> _Supplied records_:
--- --- ---

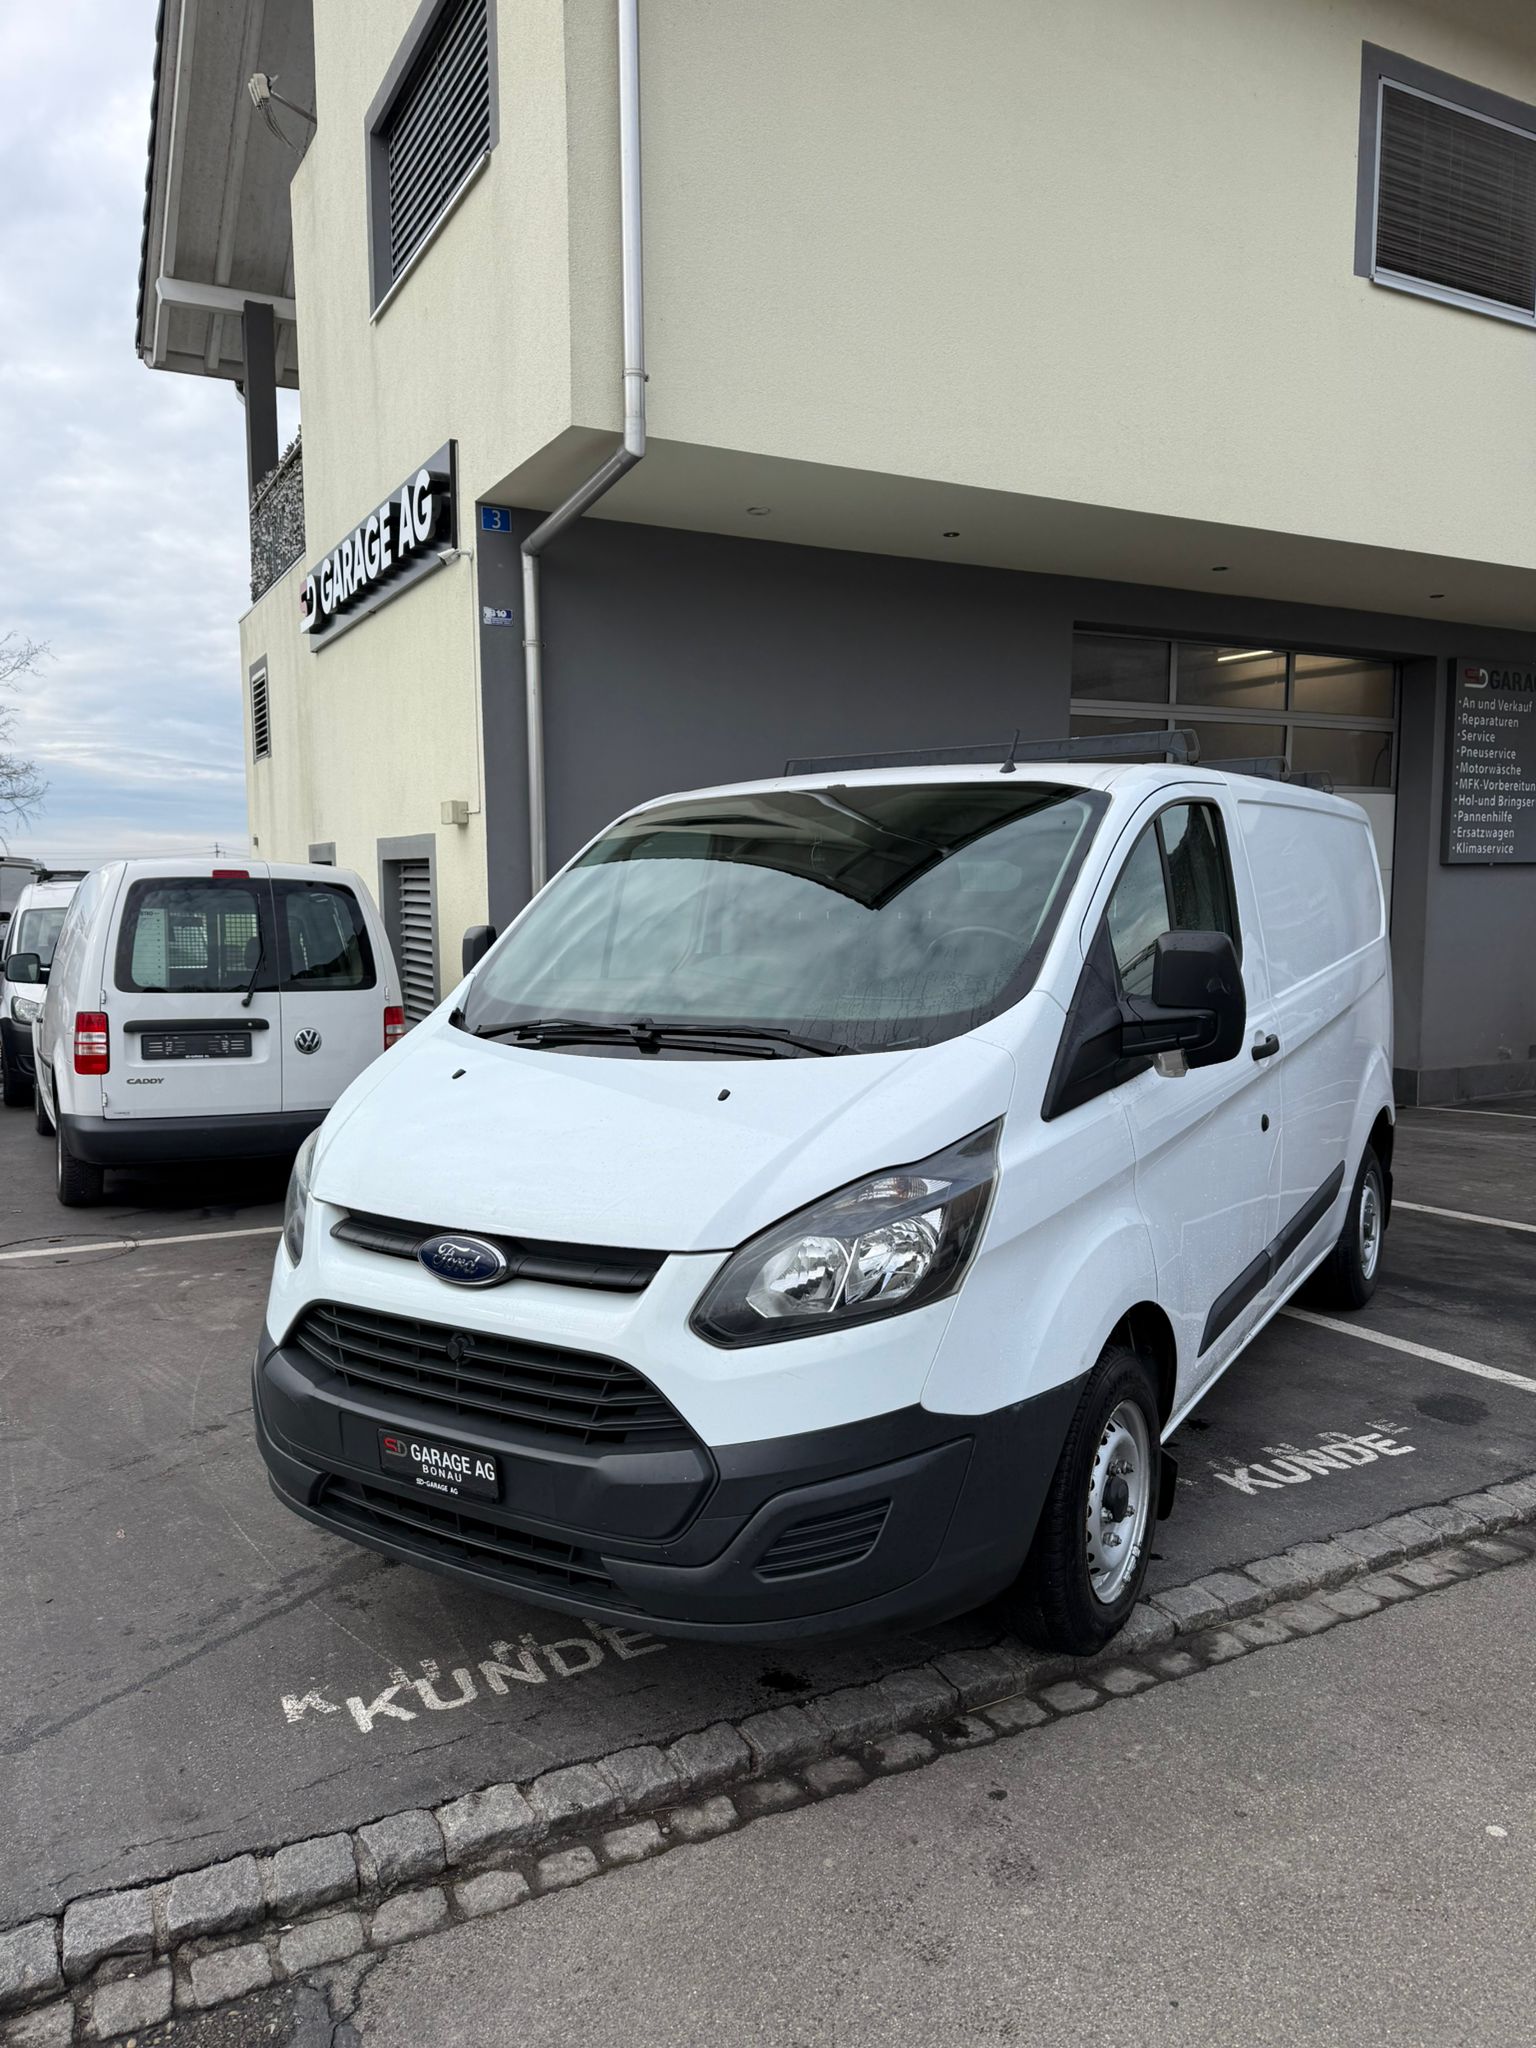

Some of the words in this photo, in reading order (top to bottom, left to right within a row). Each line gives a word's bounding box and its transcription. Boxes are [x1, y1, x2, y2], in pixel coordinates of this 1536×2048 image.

[491, 509, 502, 529] 3
[320, 501, 392, 615] GARAGE
[398, 468, 432, 558] AG
[1490, 670, 1536, 692] GARA
[1463, 697, 1476, 709] An
[1478, 699, 1496, 710] und
[1498, 700, 1533, 712] Verkauf
[1462, 713, 1519, 728] Reparaturen
[1461, 729, 1496, 743] Service
[1460, 745, 1517, 760] Pneuservice
[1460, 762, 1522, 776] Motorwäsche
[1457, 810, 1513, 823] Pannenhilfe
[1456, 826, 1515, 841] Ersatzwagen
[1456, 842, 1514, 854] Klimaservice
[433, 1242, 481, 1274] Ford
[384, 1437, 408, 1458] SD
[410, 1443, 472, 1475] GARAGE
[475, 1460, 496, 1481] AG
[1213, 1432, 1417, 1496] KUNDE
[422, 1463, 462, 1483] BONAU
[415, 1477, 449, 1493] SD-GARAGE
[450, 1486, 459, 1496] AG
[345, 1620, 668, 1734] KUNDE
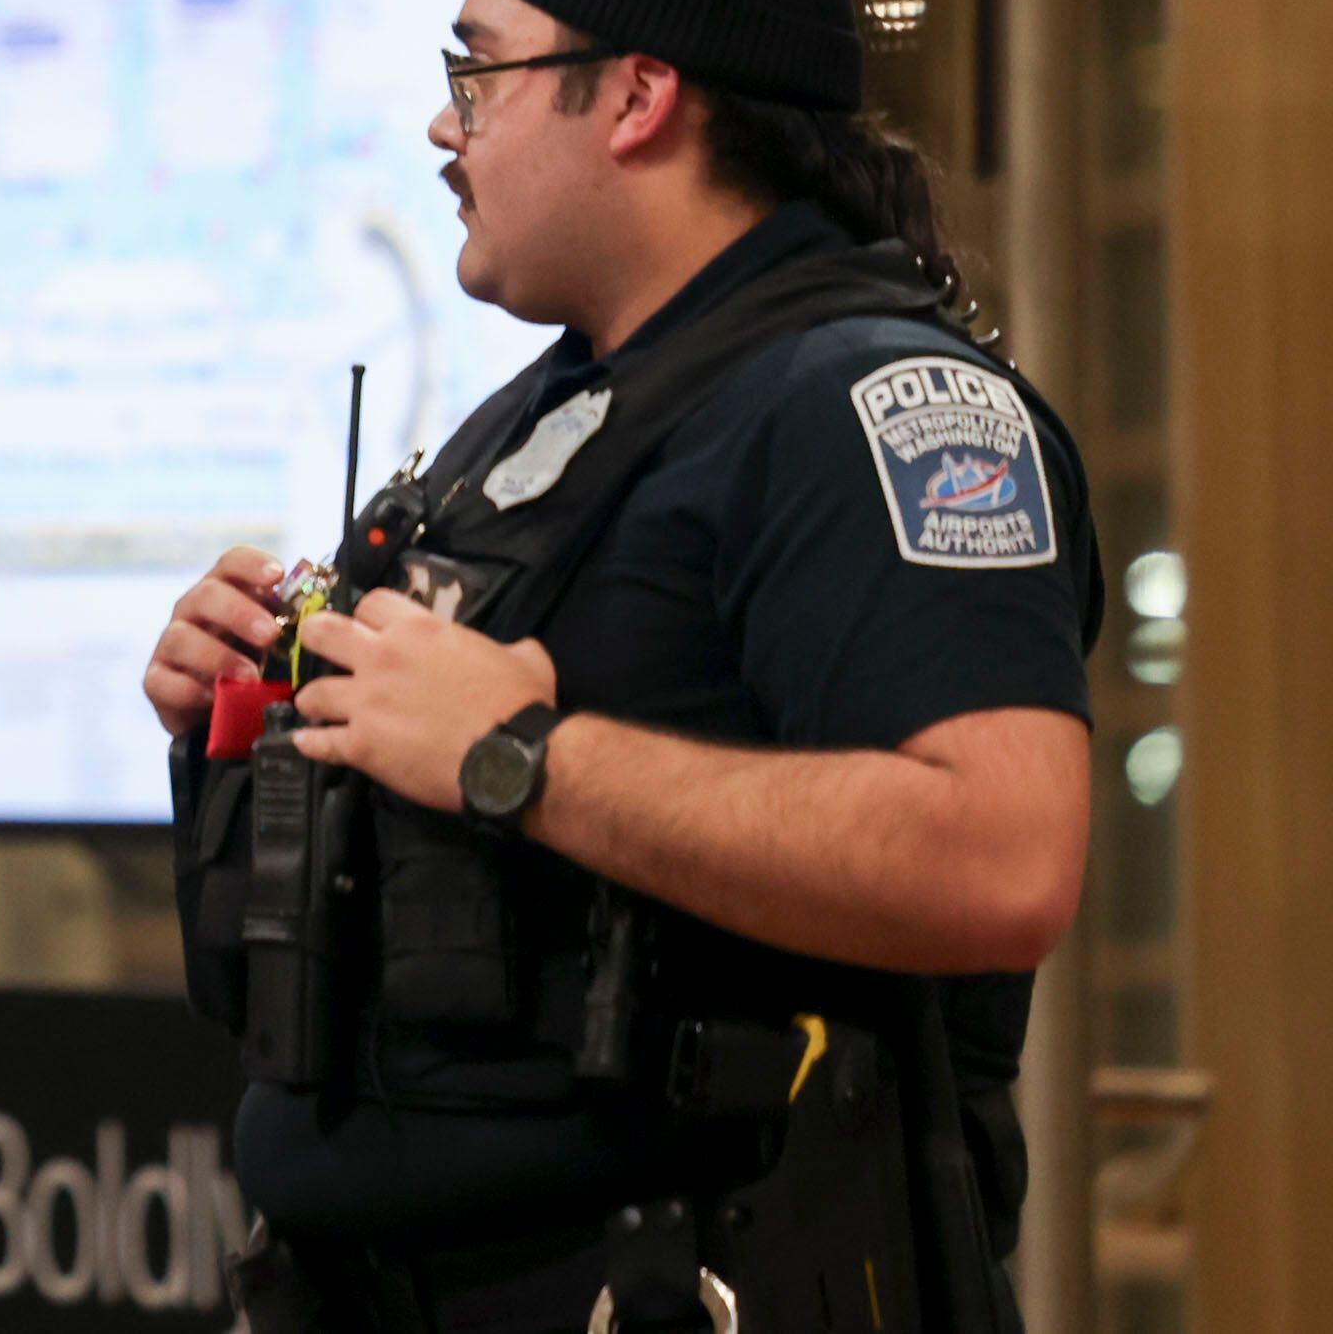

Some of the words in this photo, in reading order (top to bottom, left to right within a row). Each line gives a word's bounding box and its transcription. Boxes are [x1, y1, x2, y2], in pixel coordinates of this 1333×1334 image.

[864, 367, 1022, 425] POLICE
[881, 411, 1023, 447] METROPOLITAN
[894, 424, 1022, 463] WASHINGTON
[923, 509, 1033, 536] AIRPORTS
[918, 530, 1036, 554] AUTHORITY
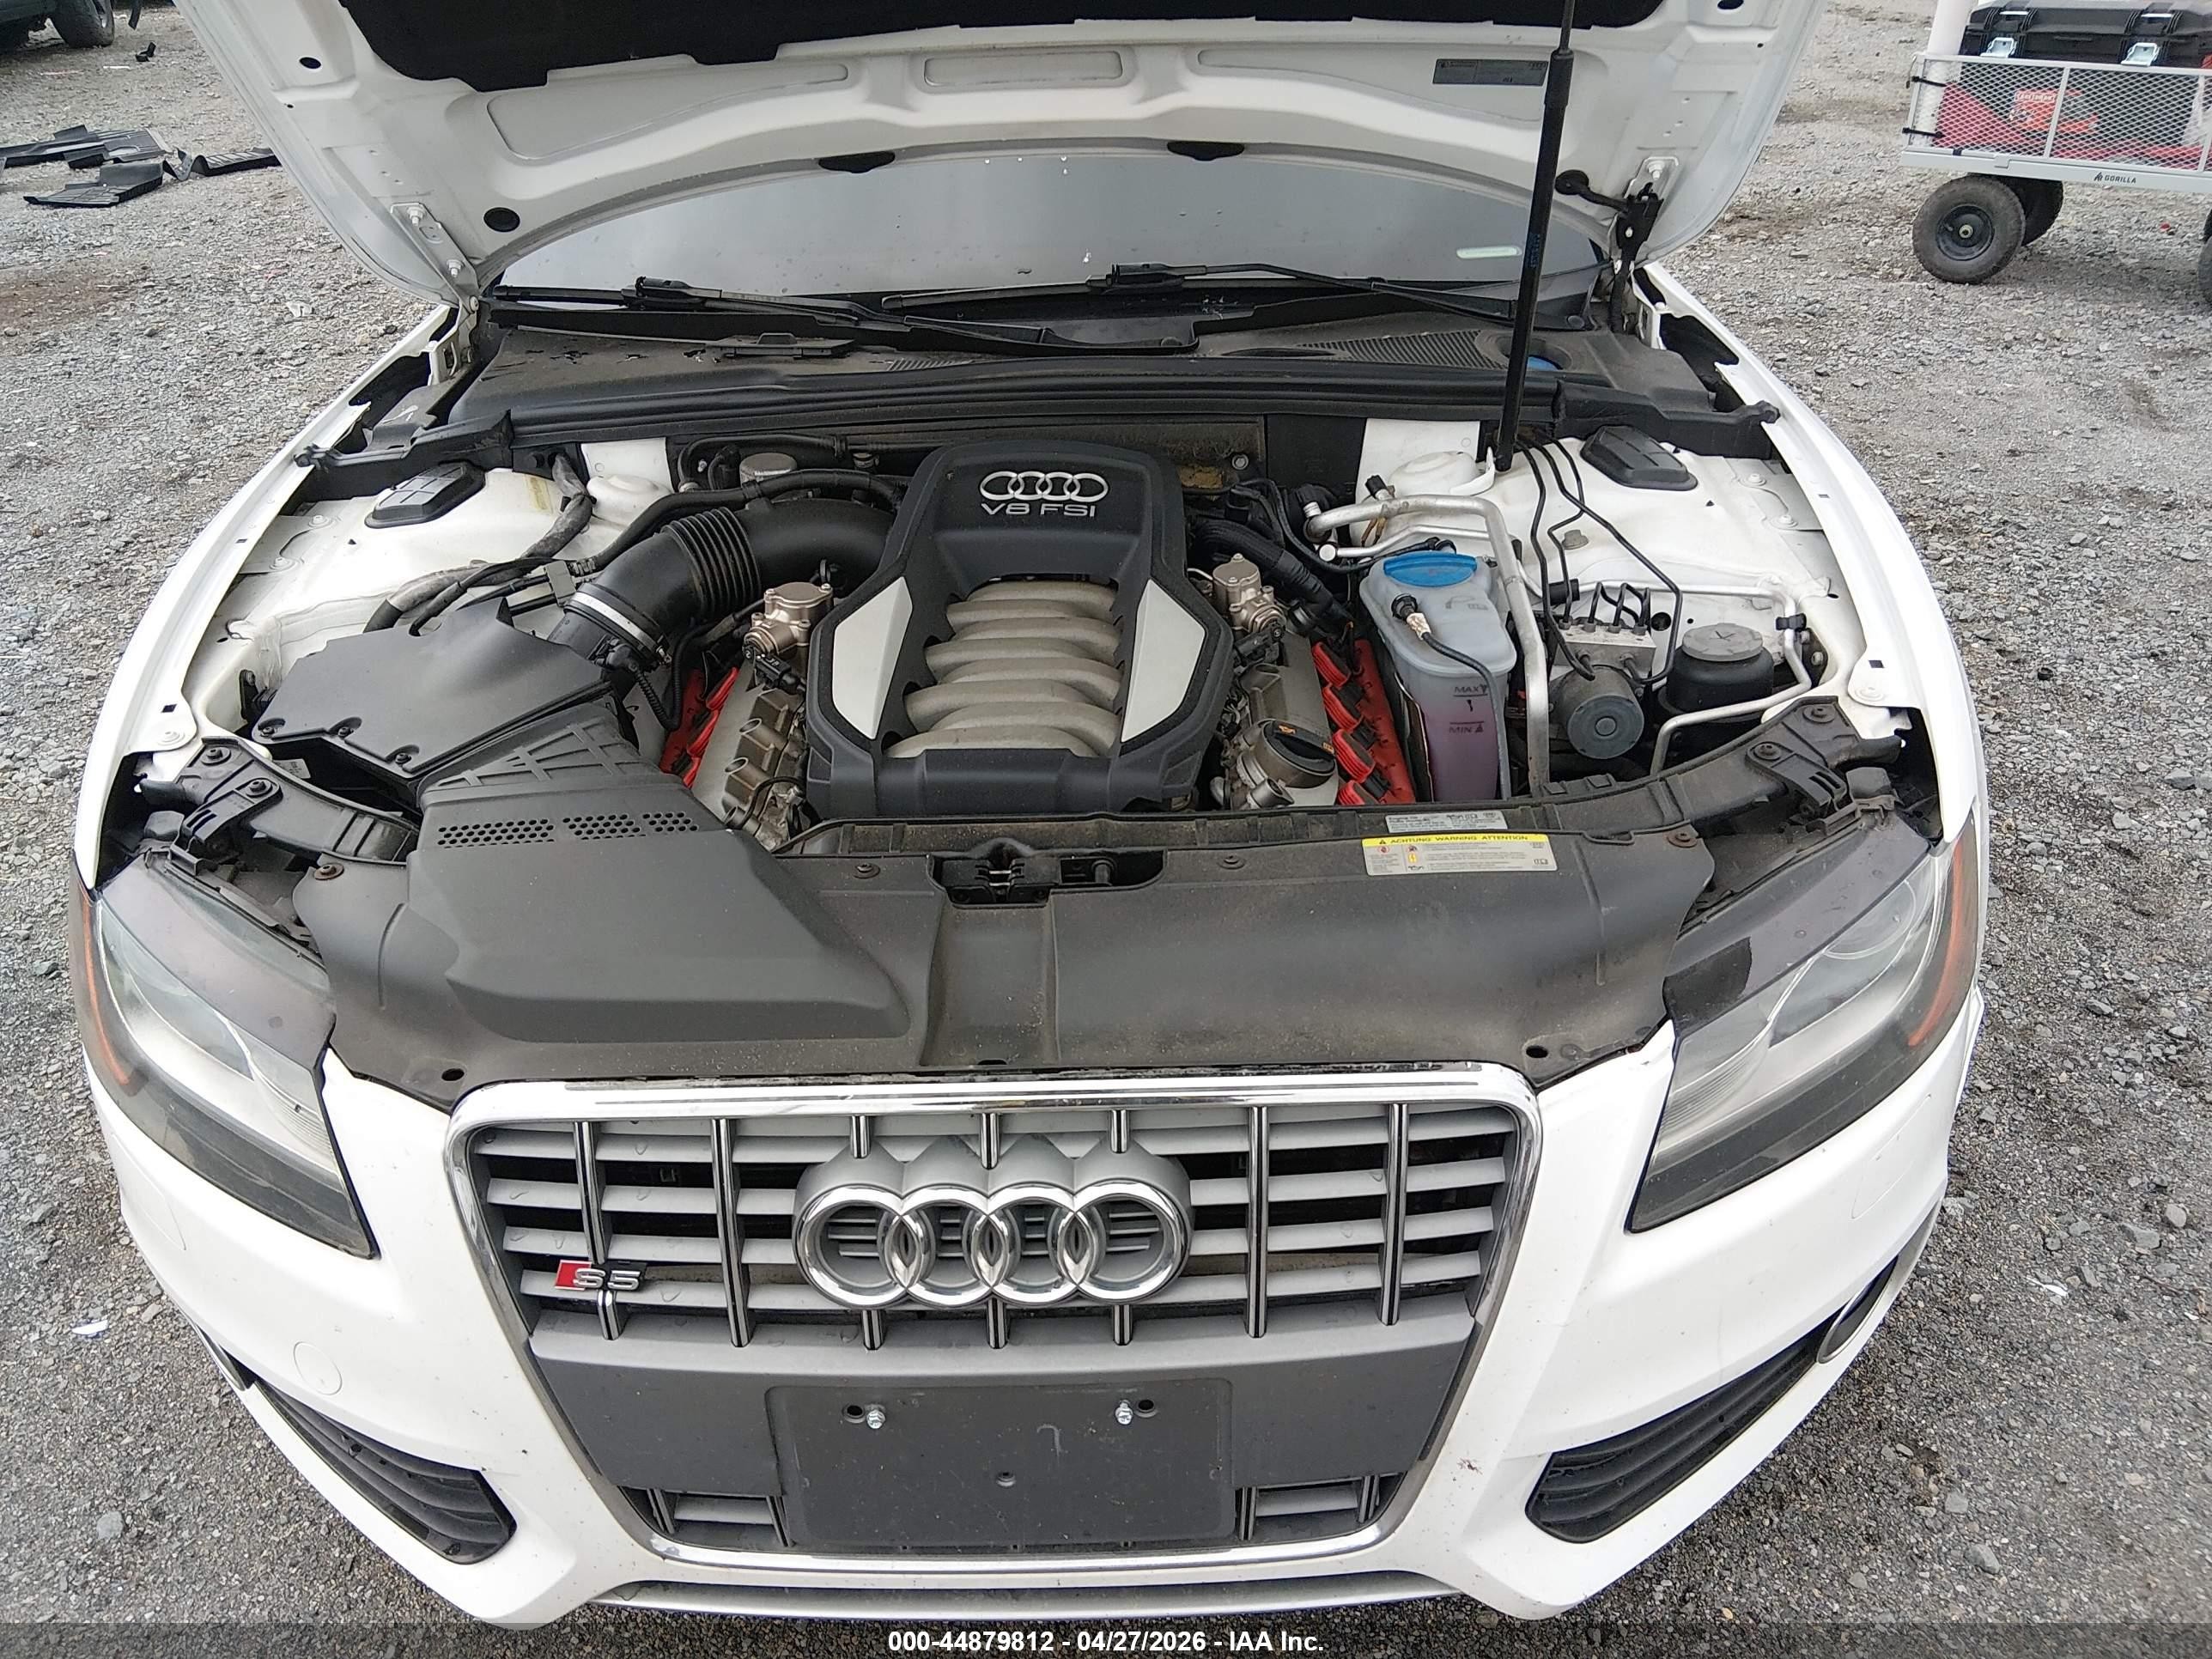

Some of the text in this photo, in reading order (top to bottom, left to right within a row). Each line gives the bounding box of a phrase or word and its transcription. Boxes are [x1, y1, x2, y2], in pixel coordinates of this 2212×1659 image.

[2104, 174, 2136, 183] GORILLA
[981, 502, 1097, 517] V8 FSI
[573, 1267, 640, 1291] S5

--- --- ---

> _Your assignment_: All of the data must be given again exactly, without the pictures.

> _Reply_:
Some of the words in this photo, in reading order (top to bottom, left to right within a row). Each line gives a word's bounding box and its transcription. Boxes are [x1, y1, x2, y2], in pixel coordinates of this 1536×2048 image.

[491, 509, 502, 529] 3
[320, 501, 392, 615] GARAGE
[398, 468, 432, 558] AG
[1490, 670, 1536, 692] GARA
[1463, 697, 1476, 709] An
[1478, 699, 1496, 710] und
[1498, 700, 1533, 712] Verkauf
[1462, 713, 1519, 728] Reparaturen
[1461, 729, 1496, 743] Service
[1460, 745, 1517, 760] Pneuservice
[1460, 762, 1522, 776] Motorwäsche
[1457, 810, 1513, 823] Pannenhilfe
[1456, 826, 1515, 841] Ersatzwagen
[1456, 842, 1514, 854] Klimaservice
[433, 1242, 481, 1274] Ford
[384, 1437, 408, 1458] SD
[410, 1443, 472, 1475] GARAGE
[475, 1460, 496, 1481] AG
[1213, 1432, 1417, 1496] KUNDE
[422, 1463, 462, 1483] BONAU
[415, 1477, 449, 1493] SD-GARAGE
[450, 1486, 459, 1496] AG
[345, 1620, 668, 1734] KUNDE

Some of the words in this photo, in reading order (top to bottom, left to right within a row). Each line gives a word's bounding box and its transcription. Boxes are [x1, y1, x2, y2], in pixel coordinates of this 1333×1334 image.

[864, 367, 1022, 425] POLICE
[881, 411, 1023, 447] METROPOLITAN
[894, 424, 1022, 463] WASHINGTON
[923, 509, 1033, 536] AIRPORTS
[918, 530, 1036, 554] AUTHORITY

Some of the text in this photo, in reading order (top to bottom, left to right within a row). Each line gives the bounding box of a phrase or word and its transcription. Boxes are [x1, y1, x2, y2], in pixel coordinates of this 2212×1659 image.

[2104, 174, 2136, 183] GORILLA
[981, 502, 1097, 517] V8 FSI
[573, 1267, 640, 1291] S5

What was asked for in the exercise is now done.